The pharmacokinetics of capmatinib and its efficacy in non-small cell lung cancer treatment: a narrative review.

Abstract

Background and objective: Inhibitors of mesenchymal-epithelial transition (MET) receptor serve as significant therapeutic agents in MET-driven non-small cell lung cancer (NSCLC). Among these, capmatinib has demonstrated particularly notable efficacy and safety. However, the mechanisms responsible for its benefit remain unclear. This narrative review presents the pharmacokinetics (PK)-related evidence regarding the efficacy of MET inhibitors for NSCLC and examines the differences in capmatinib as compared to other type Ib MET inhibitors.

Methods: We conducted an exhaustive search of the English-language literature on MET inhibitors in NSCLC published or presented from June 2010 to February 2025 in the PubMed and Foreign Medical Literature Retrieval Service (FMRS; China) databases. It also included literature presented at various international meetings. The key literatures were identified from this search. Further, the clinical PK and clinical efficacy of type Ib MET inhibitors were analyzed.

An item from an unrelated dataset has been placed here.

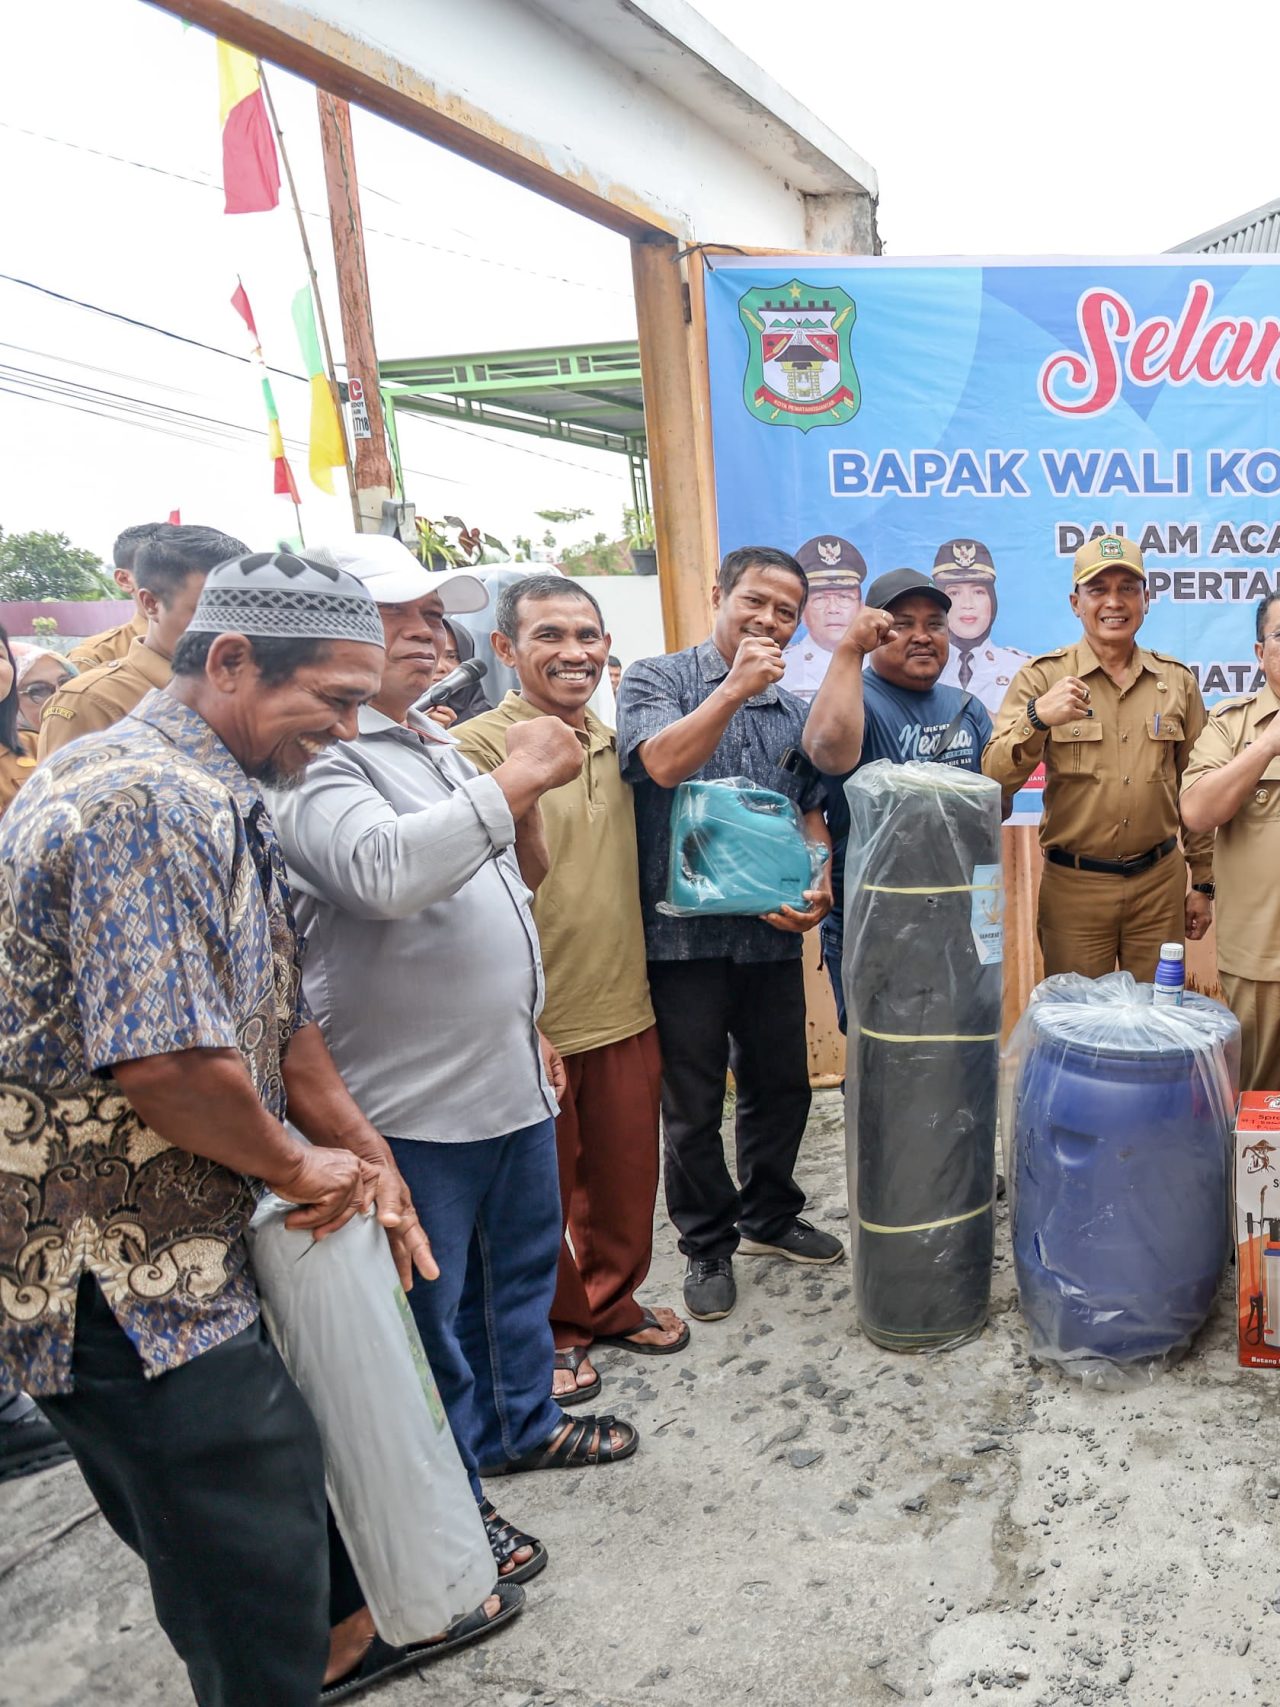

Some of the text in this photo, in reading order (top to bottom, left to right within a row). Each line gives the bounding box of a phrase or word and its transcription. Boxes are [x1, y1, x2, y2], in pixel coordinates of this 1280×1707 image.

[831, 450, 1027, 496] BAPAK
[1042, 450, 1190, 496] WALI
[1251, 1356, 1278, 1365] Batang

Key content and findings: The review provides a comparison of the PK for type Ib MET inhibitors in clinical practice. Specifically, capmatinib is absorbed more quickly in humans and exhibits the highest level of exposure compared to other MET inhibitors. Capmatinib has greater efficacy as assessed via the ratio of half maximal inhibitory concentration, and there is no requirement for dosage adjustment based on any level of hepatic impairment. Capmatinib has a faster clearance time, minimizing the likelihood of accumulation and the occurrence of adverse events (AEs). Its exposure levels are minimally impacted by food intake and drug-drug interaction. Capmatinib has a good PK profile after combination with gefitinib, constituting a promising option for patients with epidermal growth factor receptor (EGFR)-mutated NSCLC. Moreover, capmatinib exerts marked effects for brain metastases (BMs) in patients with NSCLC due its lipophilicity and permeability. Furthermore, capmatinib and tepotinib demonstrate extraordinary efficacy for patients with NSCLC and MET exon 14 (METex14) skipping mutation, and the combination of capmatinib and gefitinib in particular can achieve remarkable therapeutic effects in patients with EGFR-mutated, MET-dysregulated (amplified/overexpressing) NSCLC.

Conclusions: MET inhibitors, especially capmatinib, are the preferred treatment choice for patients with NSCLC and METex14 mutation and BM. The administration of capmatinib can help mitigate potential food-intake and drug-drug interactions in clinical settings. This facilitates the optimization of long-term medication schedules, enhancing the clinical efficacy of the treatment.